Task objective:
Could you repeat every line below exactly, skipping the images?

The records:
== Segment start ==

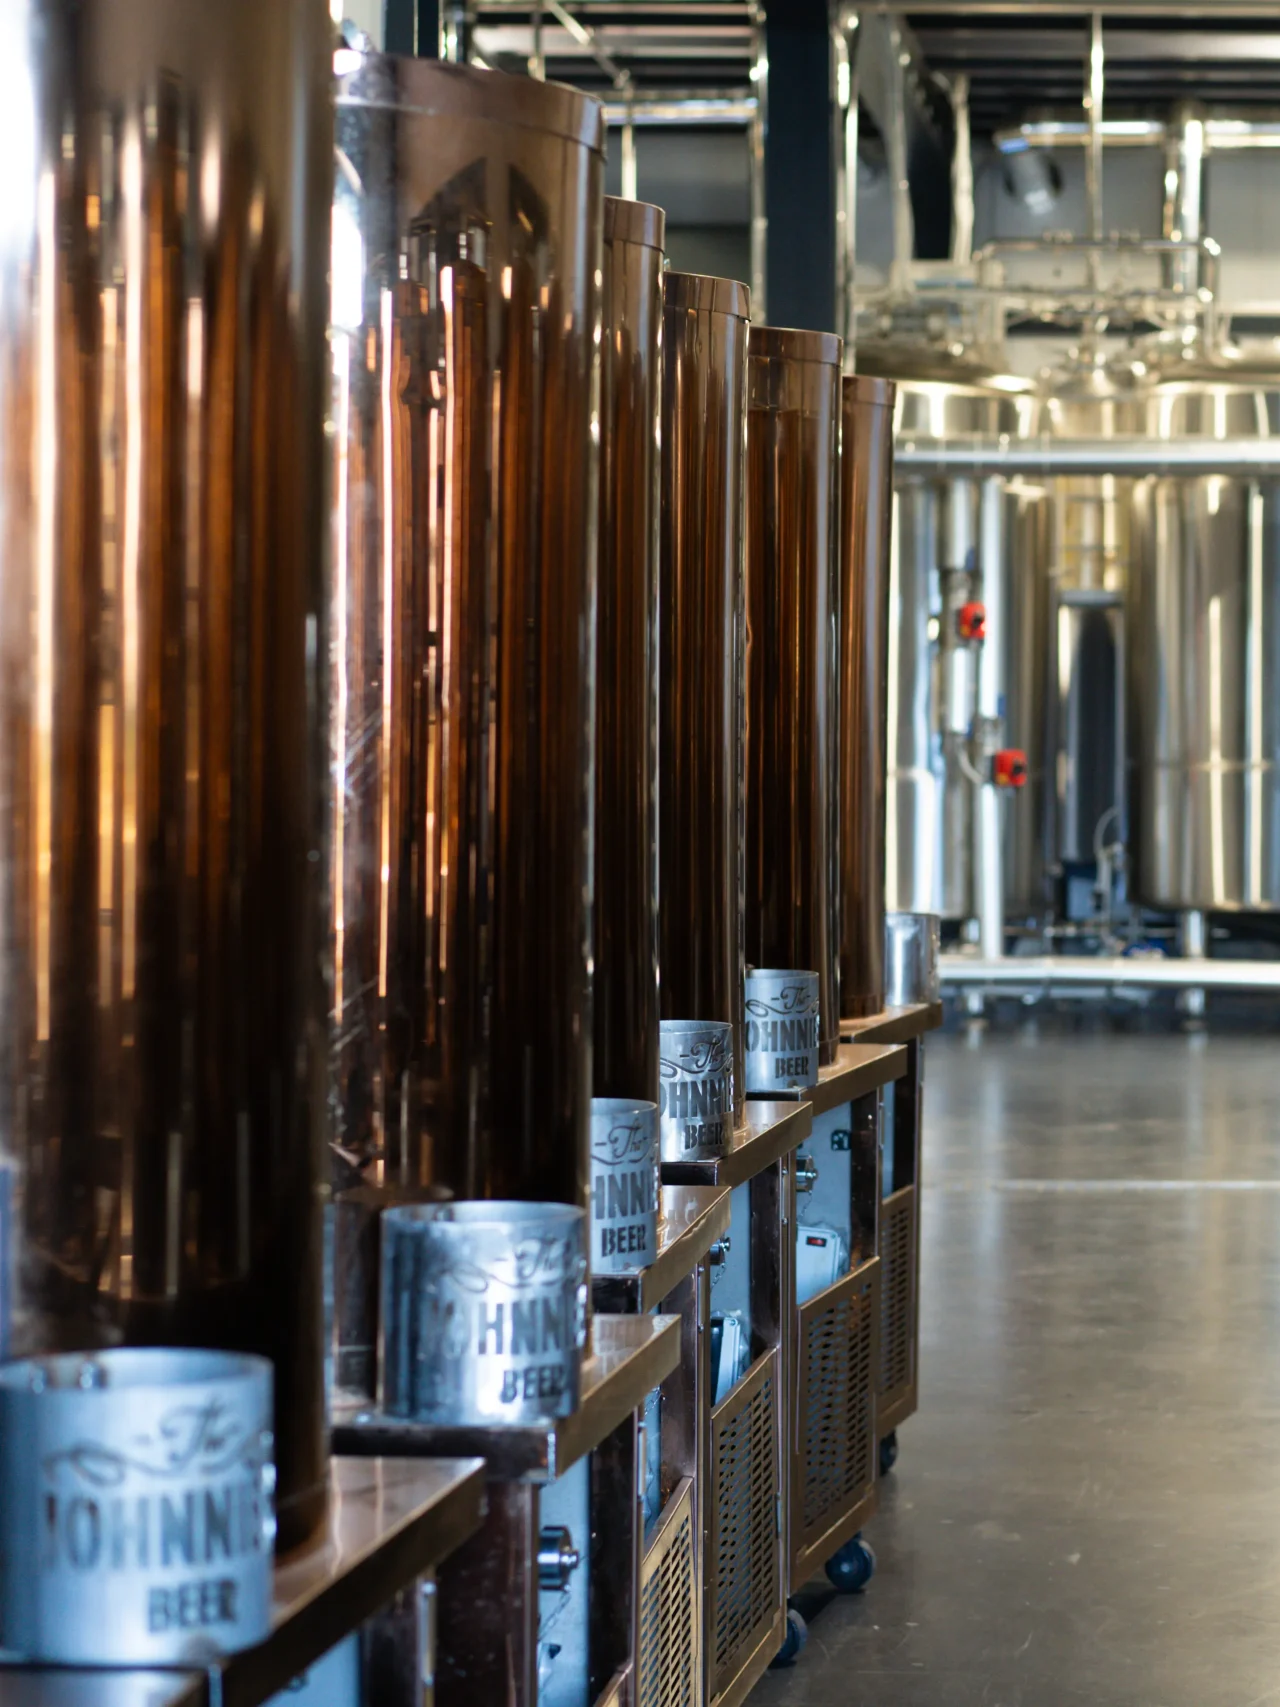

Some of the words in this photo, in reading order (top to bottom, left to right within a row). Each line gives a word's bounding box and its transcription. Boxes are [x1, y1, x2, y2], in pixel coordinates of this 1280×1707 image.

[775, 1056, 808, 1079] BEER
[684, 1122, 723, 1150] BEER
[602, 1223, 646, 1257] BEER
[500, 1363, 566, 1404] BEER
[147, 1578, 238, 1634] BEER
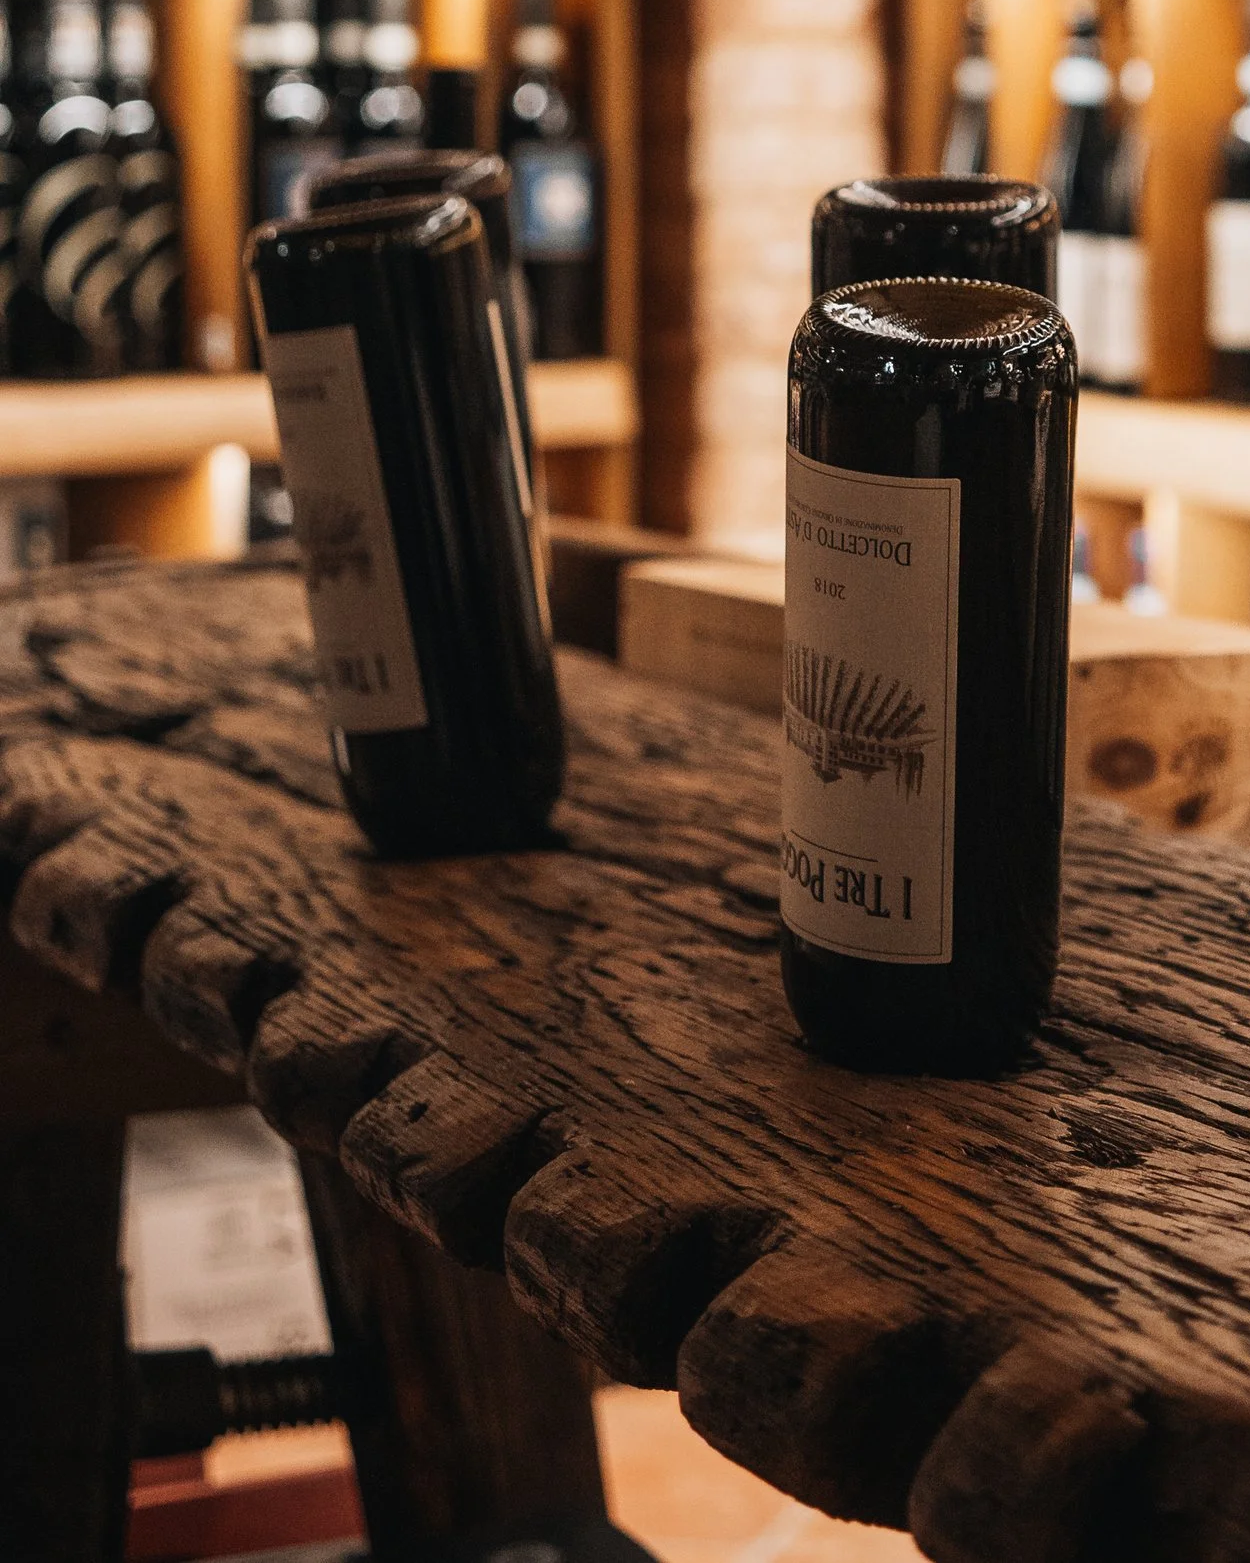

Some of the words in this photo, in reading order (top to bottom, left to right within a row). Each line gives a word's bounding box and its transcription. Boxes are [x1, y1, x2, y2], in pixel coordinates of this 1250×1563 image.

[818, 526, 912, 567] DOLCETTO
[813, 577, 846, 600] 2018
[834, 865, 891, 919] TRE
[902, 876, 913, 921] I

== Segment end ==

Answer box:
Some of the words in this photo, in reading order (top to bottom, left to right within a row). Each line gives a word's bounding box and its transcription. Boxes are [x1, y1, x2, y2], in pixel coordinates of this 1280×1707 image.

[775, 1056, 808, 1079] BEER
[684, 1122, 723, 1150] BEER
[602, 1223, 646, 1257] BEER
[500, 1363, 566, 1404] BEER
[147, 1578, 238, 1634] BEER

Some of the words in this photo, in reading order (top to bottom, left to right within a row). Each line gives a word's bounding box and its transcription. Boxes are [x1, y1, x2, y2], in pixel coordinates of this 1250×1563 image.

[818, 526, 912, 567] DOLCETTO
[813, 577, 846, 600] 2018
[834, 865, 891, 919] TRE
[902, 876, 913, 921] I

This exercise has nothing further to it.